The aim is to reduce production times, save resources, facilitate the connection between team members and democratise tools, making them accessible on any device.
Another big theme for the three-day event, with the approach of Hurricane Ian towards US shores making it seem ever more urgent, was sustainability.
Autodesk’s big eco announcement was its collaboration with Makersite to develop a plug-in for Fusion 360, which aims to provide designers with the sustainability data they need at any step of the design process.
Makersite is a software company that develops data management tools for the global manufacturing industry, empowering companies to manage product sustainability, cost, and compliance.
Thanks to the plug-in, currently in the trial phase, designers should be able to visualise the environmental impact of every single iteration they make to the project and be provided with options to help them meet cost and emission targets, taking into consideration the entire product lifecycle.
The plug-in has been tested by the British company Pembree Pedals. Its founder Phil Law, joined by Makersite CEO Neil D’Souza and Autodesk sustainability strategy manager Zoé Bezpalko, presented a demo of how it has helped the bicycle part manufacturer develop pedals that are as sustainable as they can possibly be, while at a reasonable cost.
Meanwhile, on the exhibition floor, attendees could try on some of the latest AR, VR and XR technologies, starting with a Varjo headset powered by a Lenovo ThinkStation workstation that attendees could test on a gleaming yellow Aston Martin. Parked next to the physical car, at the very entrance of the exhibition floor, was standing its incredibly realistic digital twin in XR.
Further down the exhibition, Faro was inviting visitors to try its newest 3D scanners, including Faro’s Freestyle 2 (featured in our handheld 3D scanner round up on page 30) and Focus Premium.
In the ‘Factory’ area of the exhibition, Autodesk offered a live demo of how a VR headset can help teams collaborate from their remote locations.
Welcomed by music and dance performances, in proper New Orleans style, the keynote session brought everyone together in the main hall to officially announce what was already in the air.
Autodesk CEO Andrew Anagnost started by thanking all attendees and the city of New Orleans, talking about
its troubled history and historical resilience.
The first guest was Meagan William, Urban Water program manager for the city of New Orleans. William, a New Orleans native, was 16 when Katrina happened and clearly remembers the devastation that it brought to her city. Her job aims to safeguard and protect new generations from issues caused by climate change and the rise of sea levels.

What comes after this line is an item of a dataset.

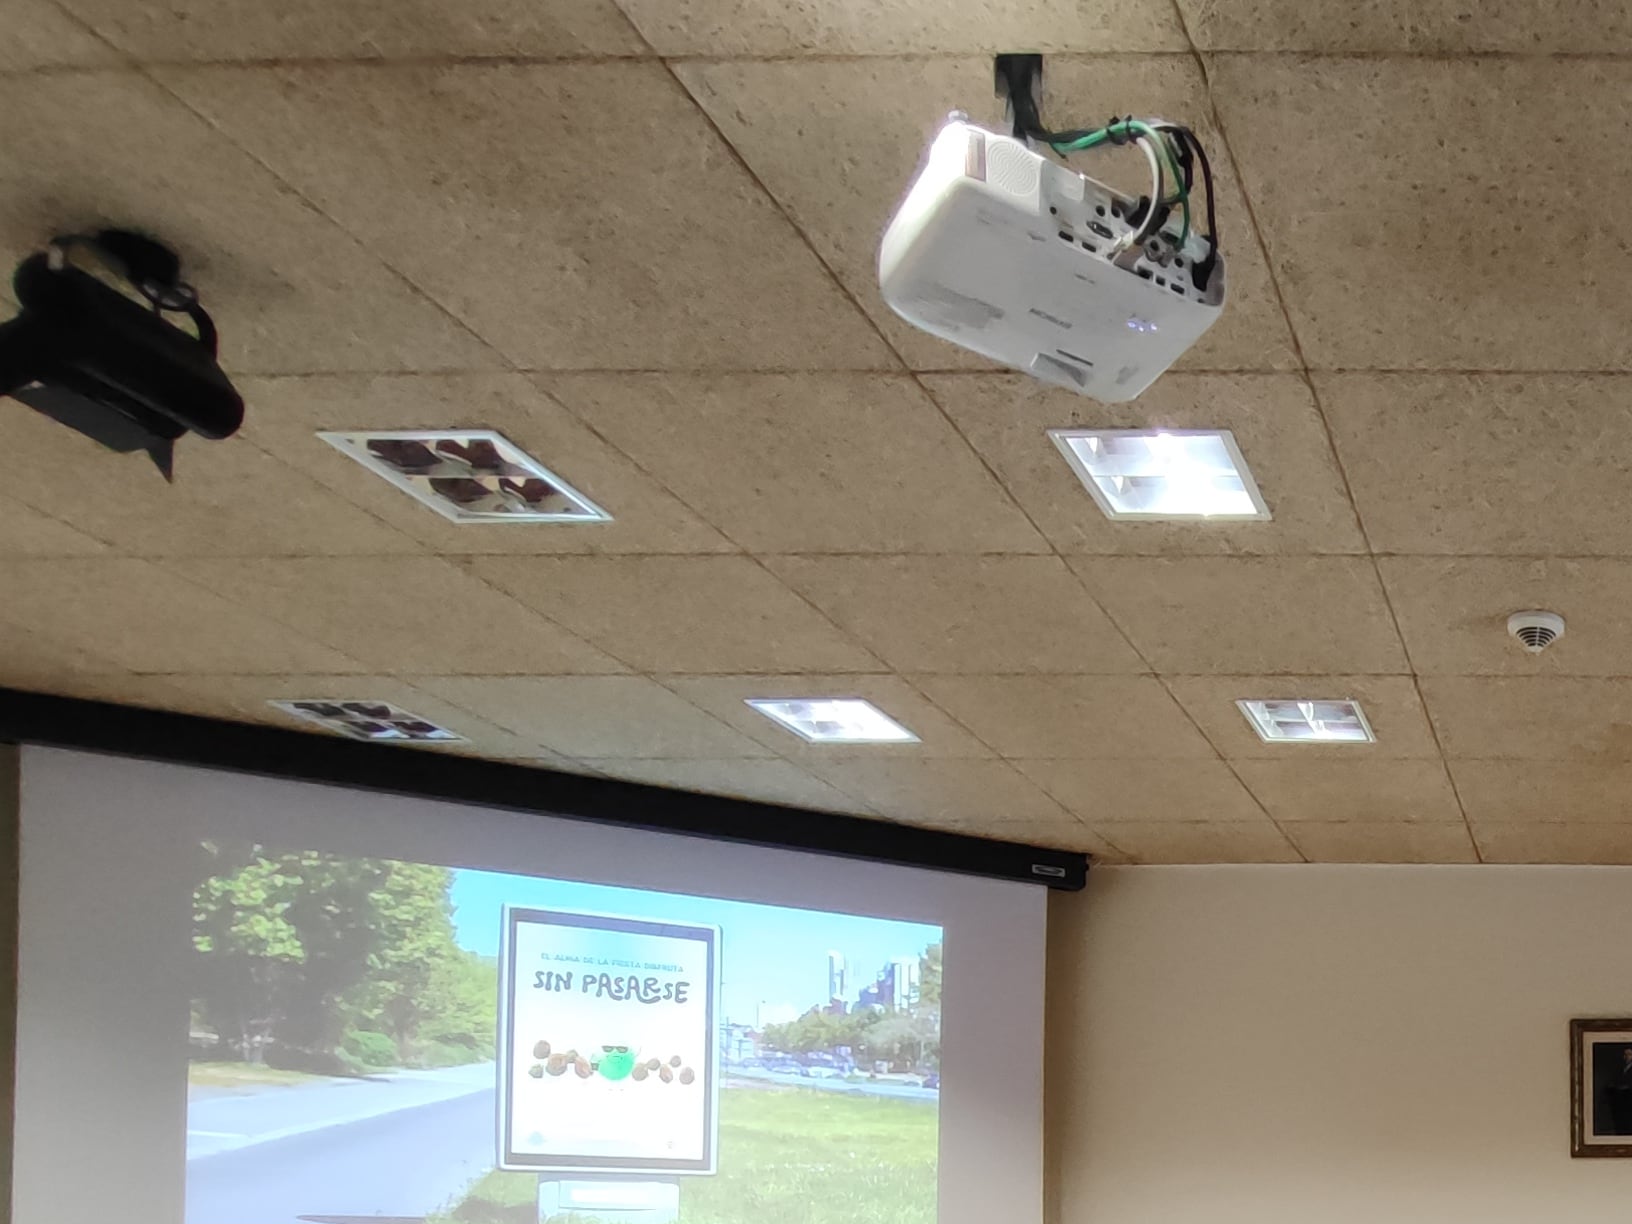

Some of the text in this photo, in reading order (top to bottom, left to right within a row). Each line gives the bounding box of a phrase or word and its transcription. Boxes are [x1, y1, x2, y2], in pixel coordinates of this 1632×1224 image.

[598, 958, 609, 966] LA
[533, 970, 690, 1004] SIN PASARSE

Andrew Anagnost took back the microphone to talk about one of the biggest problems that design, engineering, and architecture teams all around the world face daily: dysconnectivity and lost-in-translation data. These are issues that Autodesk is looking to resolve by introducing three industry clouds: Autodesk Fusion (for design and manufacturing) Autodesk Forma (for architecture, engineering and construction) and Autodesk Flow (for media and entertainment).

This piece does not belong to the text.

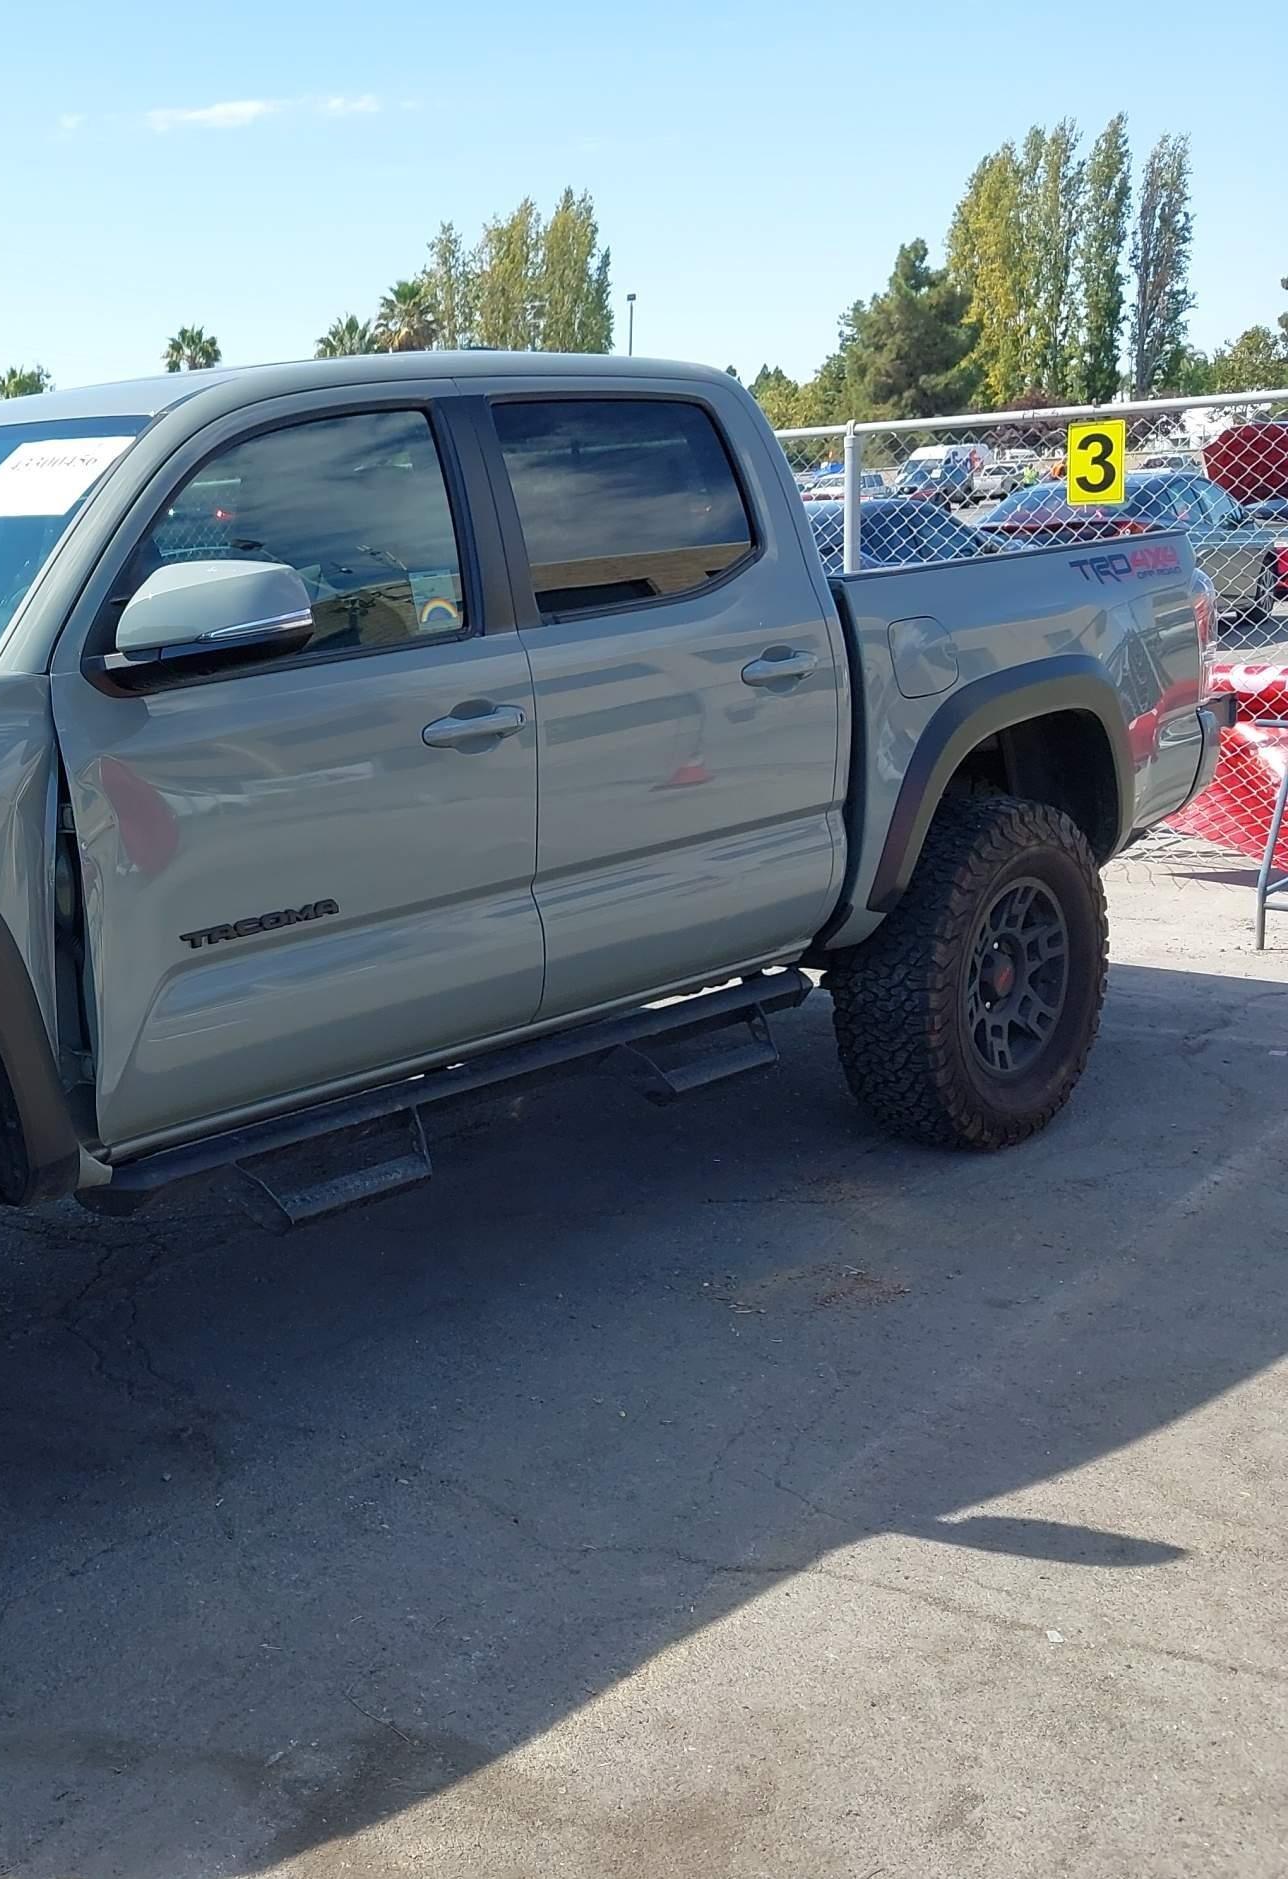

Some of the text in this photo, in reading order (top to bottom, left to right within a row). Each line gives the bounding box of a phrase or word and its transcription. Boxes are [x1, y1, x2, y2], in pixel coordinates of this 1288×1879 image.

[1075, 433, 1116, 493] 3
[1068, 554, 1132, 584] TRD
[179, 898, 340, 949] TACOMA

Given the multitude of industries Autodesk users work within, the keynote sessions were split into three parts.
For manufacuring, Jeff Kinder, Autodesk executive VP of product development and manufacturing solutions, took the stage with some exciting news about Fusion 360.
Besides the Autodesk Fusion cloud offering, Kinder announced new Fusion 360 extensions powered by Ansys and ModuleWorks, which aim to unlock advanced product design and manufacturing capabilities.
The integration of Ansys simulation technology looks to provide useful insights about printed circuit board (PCB) signal quality as part of the board design process, while the collaboration with ModuleWorks should offer new capabilities to Fusion’s Machining Extension, to generate higher-performance, collision-free toolpaths for efficient multi-axis milling.
It seemed that all the updates on Fusion 360 are part of a bigger move that aims to build out a complete platform, able to connect all phases of the process, from design to make, going through CAD, CAM, simulation, and rendering, while being device-independent, always connected to other users and applications or, as Kinder defined it, a “click-to-make” tool.
During the media Q&A, Anagnost addressed journalists and analysts, curious to know what the future holds, the purpose of developing three different industry clouds, and how Autodesk is working to make its cloud offering accessible from any location across the globe.
As Anagnost explained, not all of these questions have a definitive answer yet, as the recent announcements are only the beginning of a bigger strategy, which will see more tools connected not only in the cloud but into one single piece of software.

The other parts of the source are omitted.